'''
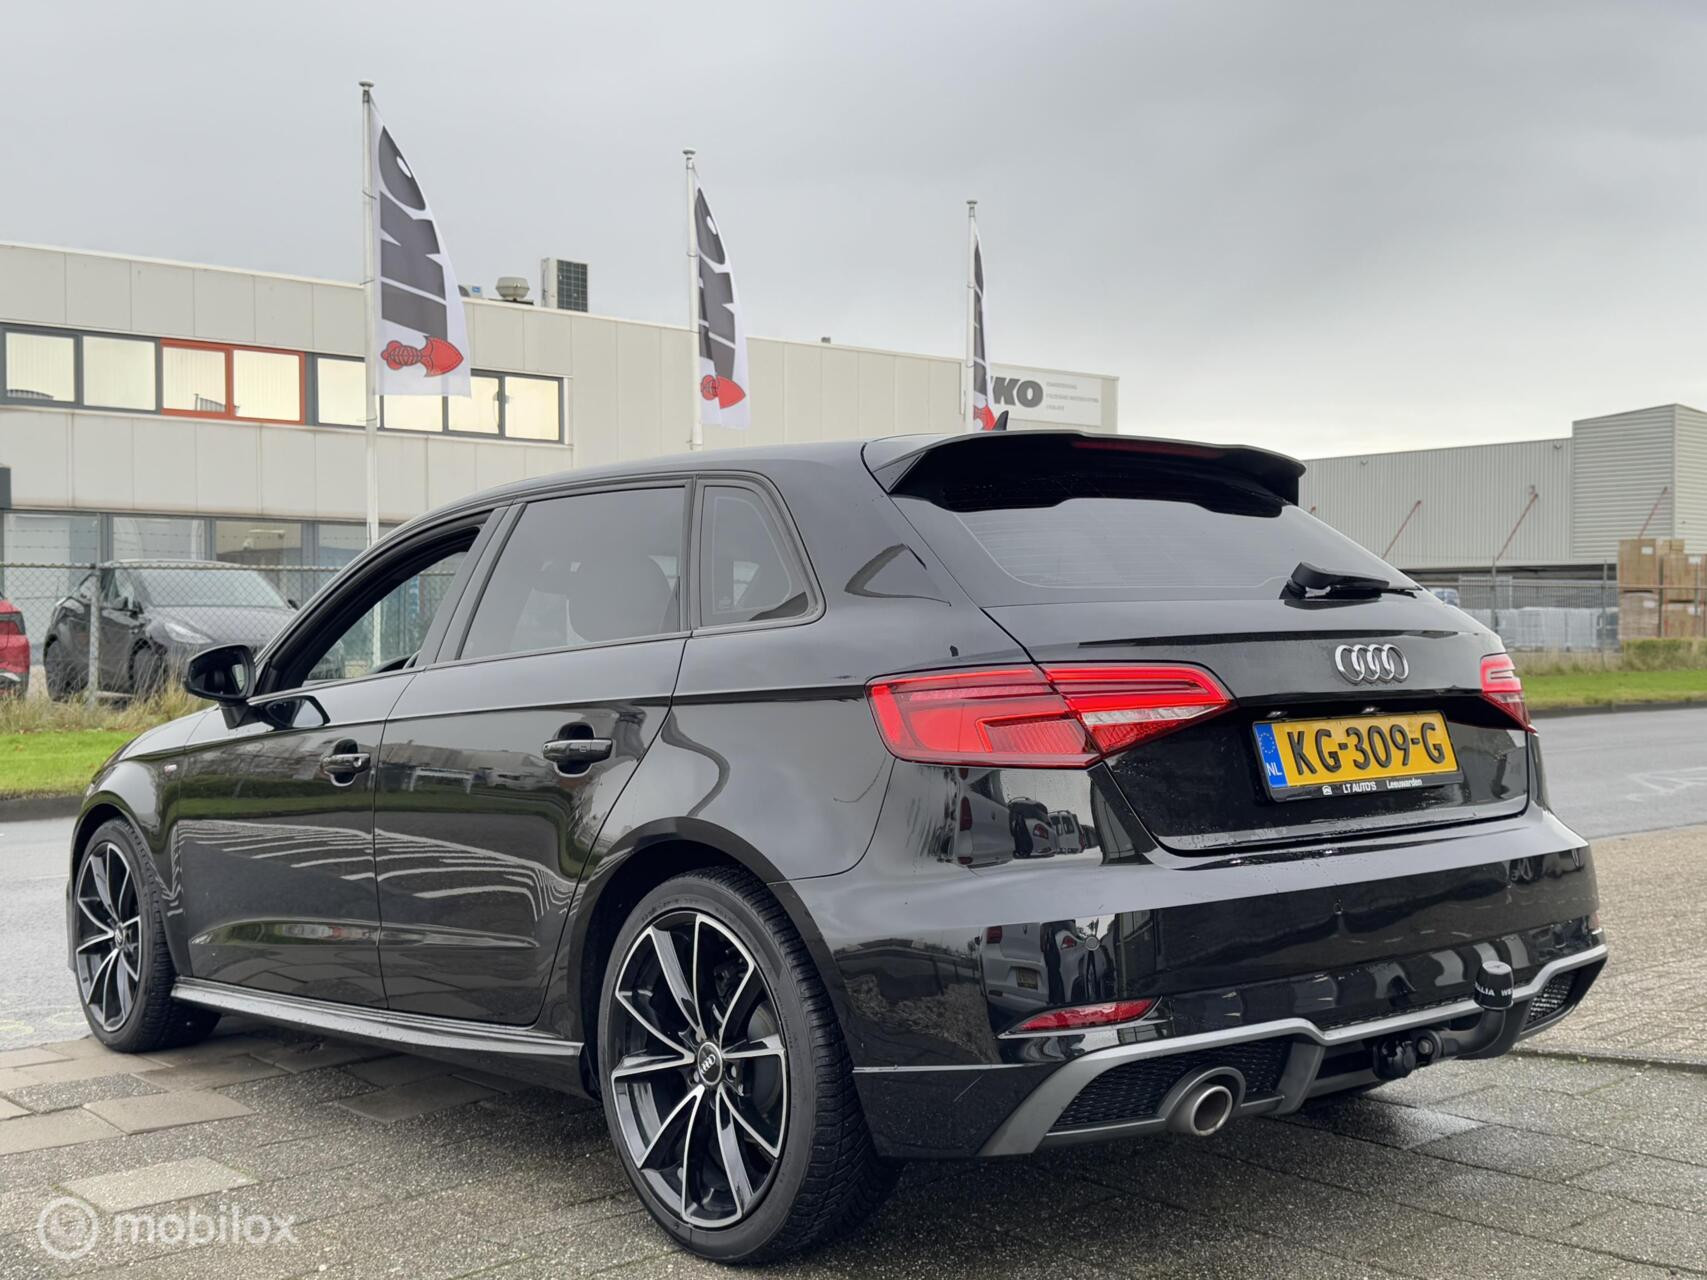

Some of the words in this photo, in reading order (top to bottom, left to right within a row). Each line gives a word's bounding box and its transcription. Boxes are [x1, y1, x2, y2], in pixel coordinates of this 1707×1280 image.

[991, 375, 1044, 408] KO
[1287, 722, 1446, 776] KG-309-G
[1267, 762, 1283, 776] NL
[1342, 783, 1352, 794] LT
'''
Task statement
Give the entries again word for word, but skip the pictures.

Task answer
Some of the words in this photo, in reading order (top to bottom, left to right within a row). Each line gives a word's bounding box and its transcription. Boxes are [x1, y1, x2, y2], in pixel coordinates of this 1707×1280 image.

[991, 375, 1044, 408] KO
[1287, 722, 1446, 776] KG-309-G
[1267, 762, 1283, 776] NL
[1342, 783, 1352, 794] LT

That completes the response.